(December 16, 2018 at 7:12 am)Agnostico Wrote: I saw you mention my favorite scientist and couldn't help myself
I find Dawkins painful to watch, but I'd also be ultra-skeptical about Ben Stein and others who think they can stump him on evolution. Their gotcha questions nearly always betray an ignorance of the subject.
British philosopher John Gray has a new book called Seven Types of Atheism. His first type is the New Atheist group, and I agree with him that they are, for the most part, entertainers. No doubt they give encouragement to lonely doubters in fundamentalist families, but thinking people will outgrow them right away.
Quote:Pessimisim is my middle name. Karl Pessimist Popper.
Popper, on the other hand, is someone to take seriously.
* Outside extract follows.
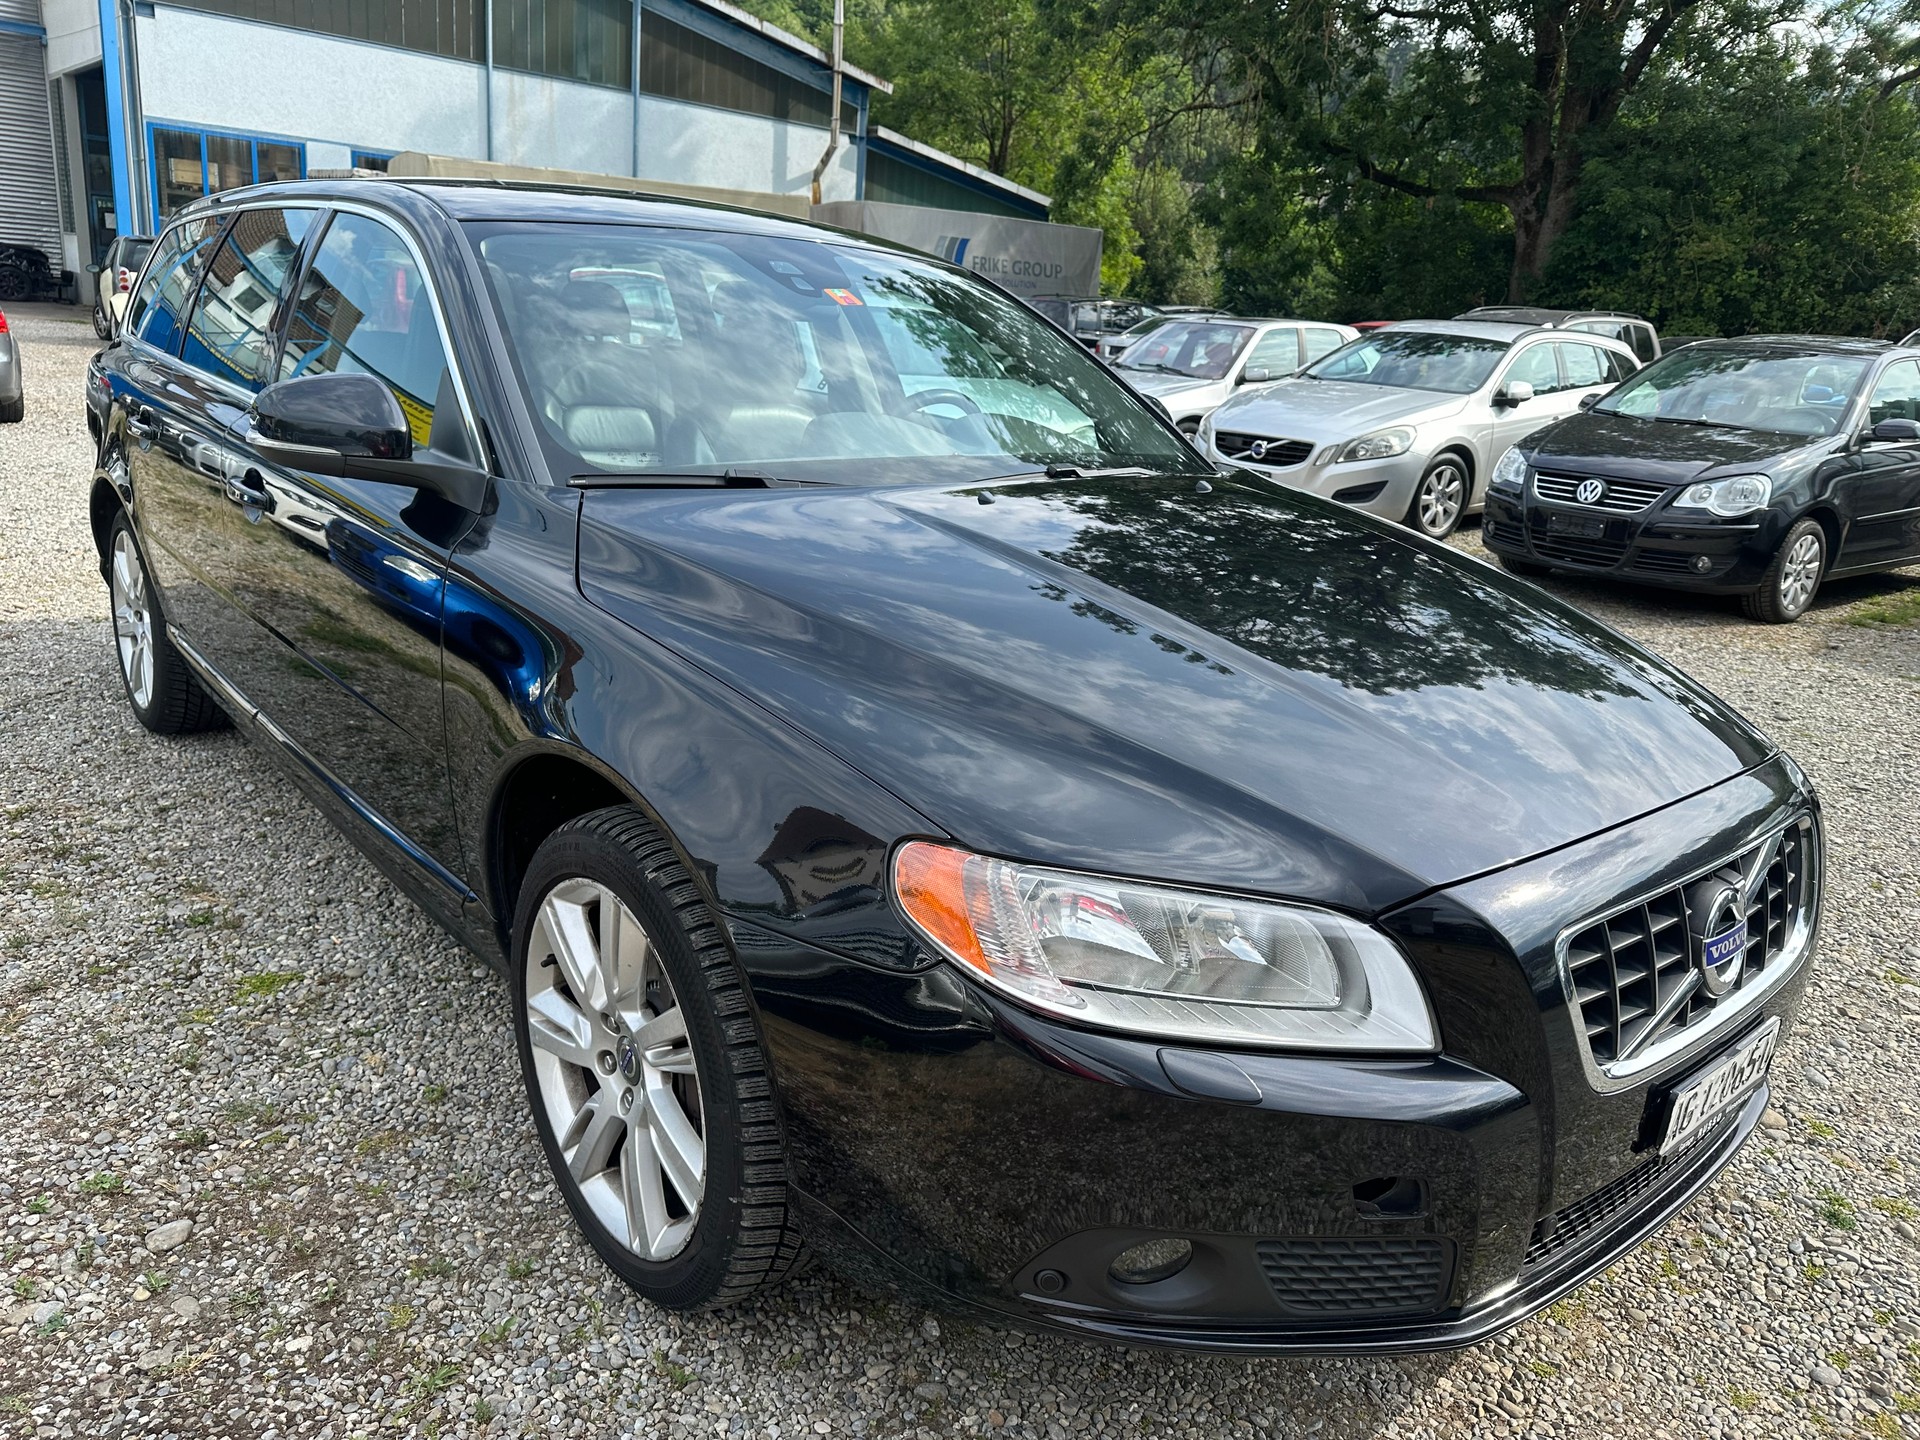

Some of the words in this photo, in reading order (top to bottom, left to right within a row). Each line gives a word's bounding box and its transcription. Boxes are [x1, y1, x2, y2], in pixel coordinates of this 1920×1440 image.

[972, 255, 1008, 274] FRIKE
[1012, 260, 1063, 279] GROUP
[1577, 480, 1602, 503] VW
[1709, 928, 1747, 959] VOLVO
I have found his Three Worlds structure to be very useful.
Quote:I know iv been aggressive to begin with here but i've been fair.
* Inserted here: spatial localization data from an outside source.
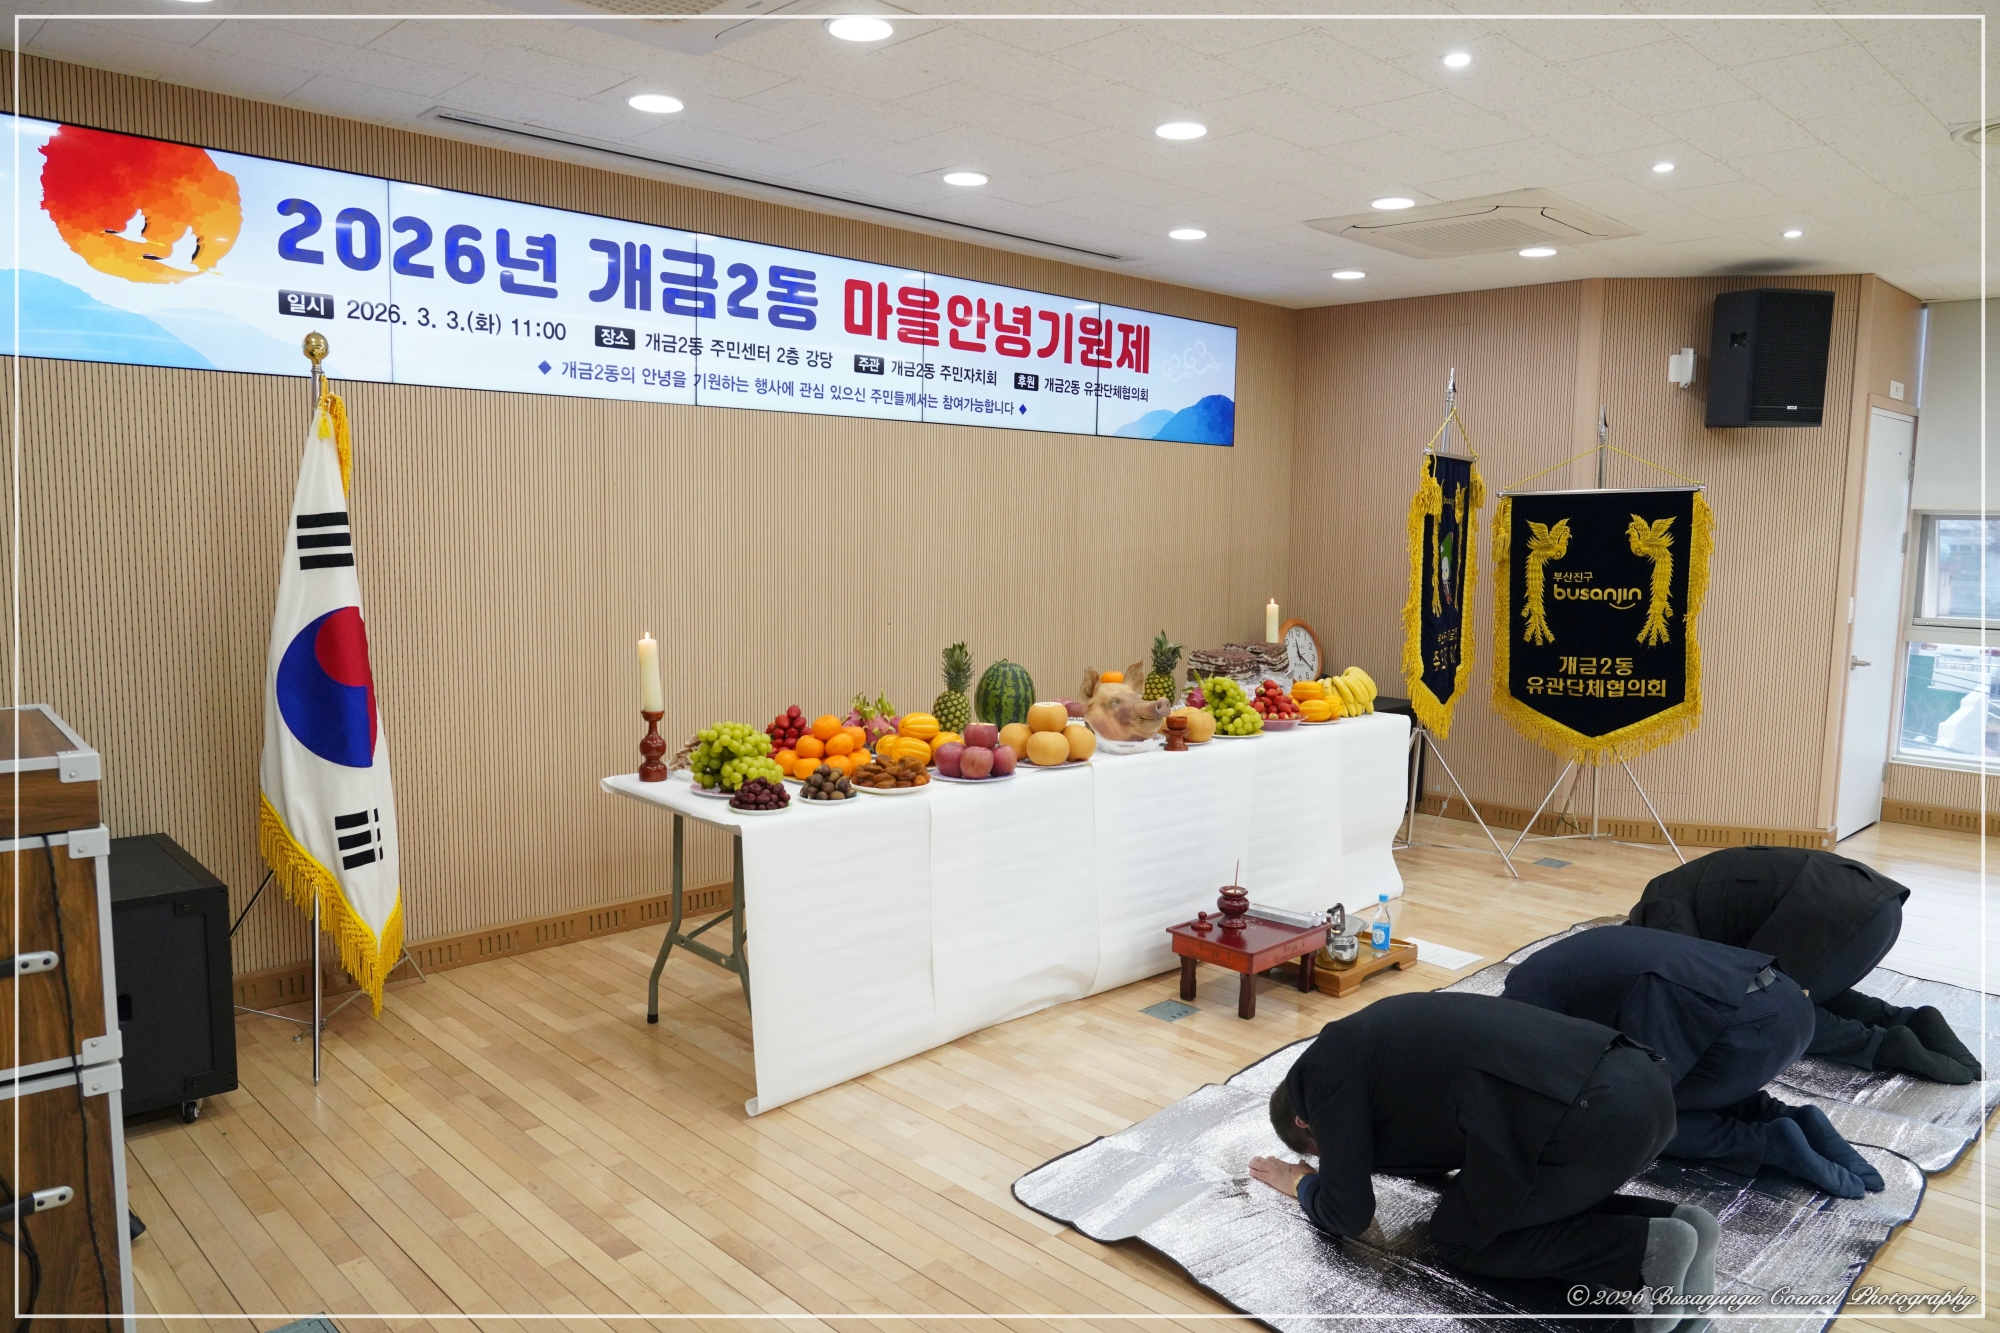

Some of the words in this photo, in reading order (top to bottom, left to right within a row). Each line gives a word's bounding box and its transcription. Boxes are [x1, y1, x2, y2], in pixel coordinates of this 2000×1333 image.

[276, 197, 559, 299] 2026년
[588, 238, 819, 332] 개금2동
[844, 278, 1150, 374] 마을안녕기원제
[286, 293, 325, 315] 일시
[346, 300, 407, 326] 2026.
[417, 307, 437, 328] 3.
[446, 310, 502, 336] 3.(화)
[511, 318, 567, 341] 11:00
[600, 327, 630, 347] 장소
[645, 332, 704, 356] 개금2동
[710, 339, 771, 363] 주민센터
[776, 347, 800, 366] 2층
[806, 350, 834, 369] 강당
[857, 356, 881, 373] 주관
[891, 360, 936, 381] 개금2동
[939, 363, 998, 386] 주민자치회
[1017, 374, 1035, 389] 후원
[1044, 376, 1081, 395] 개금2동
[1083, 381, 1149, 402] 유관단체협의회
[561, 361, 635, 384] 개금2동의
[642, 368, 687, 389] 안녕을
[693, 372, 750, 394] 기원하는
[754, 377, 794, 397] 행사에
[799, 382, 825, 400] 관심
[830, 384, 866, 404] 있으신
[870, 387, 939, 409] 주민들께서는
[942, 394, 1014, 416] 참여가능합니다
[1552, 571, 1594, 583] 부산진구
[1553, 583, 1642, 605] busanjin
[1558, 656, 1634, 676] 개금2동
[1526, 676, 1667, 698] 유관단체협의회
Web sites like this one, just like high school, have unwritten rules that everyone must abide by or face sustained attack. These are not official rules concerning the moderators, but behavioral things even more strongly enforced "from below" -- just as wearing the wrong kind of jeans in high school can invite an astonishing level of attack, you must behave here according to the norms.
How much you obey these mores is up to you. If you want to focus on the topic rather than the presentation you have to play along.
Quote:They cannot explain the most basic of questions without blowing a fuse and trying to mock you for questioning
A lot of people get pleasure from mockery. Again, it's up to you how much you want to put up with. On a site like this you learn pretty quickly who to avoid.
But genuine questioning is good, and patient responses from you will eventually draw out some considered opinions.
Quote:There is a long list of hoaxes and frauds that have been fabricated by theoretical science to push their theory.
They tech it in school as though it was undisputable proof, turning them into little atheist social justice warriors full of entitlement. Special snowflakes. Unique
Well, sometimes people don't like to admit it, but scientists are human, too. And we live in a society in which science cannot be done purely -- it is structured through universities in which success involves measures other than the discovery of truth -- tenure, increased funding, etc. Or else it's supported by corporations, in which case the goal is not truth but profit. In the US, a hell of a lot of "pure" research is commissioned by the Pentagon, which, you can imagine, is not exactly pure of heart.
Challenging anyone's pet theory will get an emotional reaction. The goal is to work around that, and not get irrational yourself.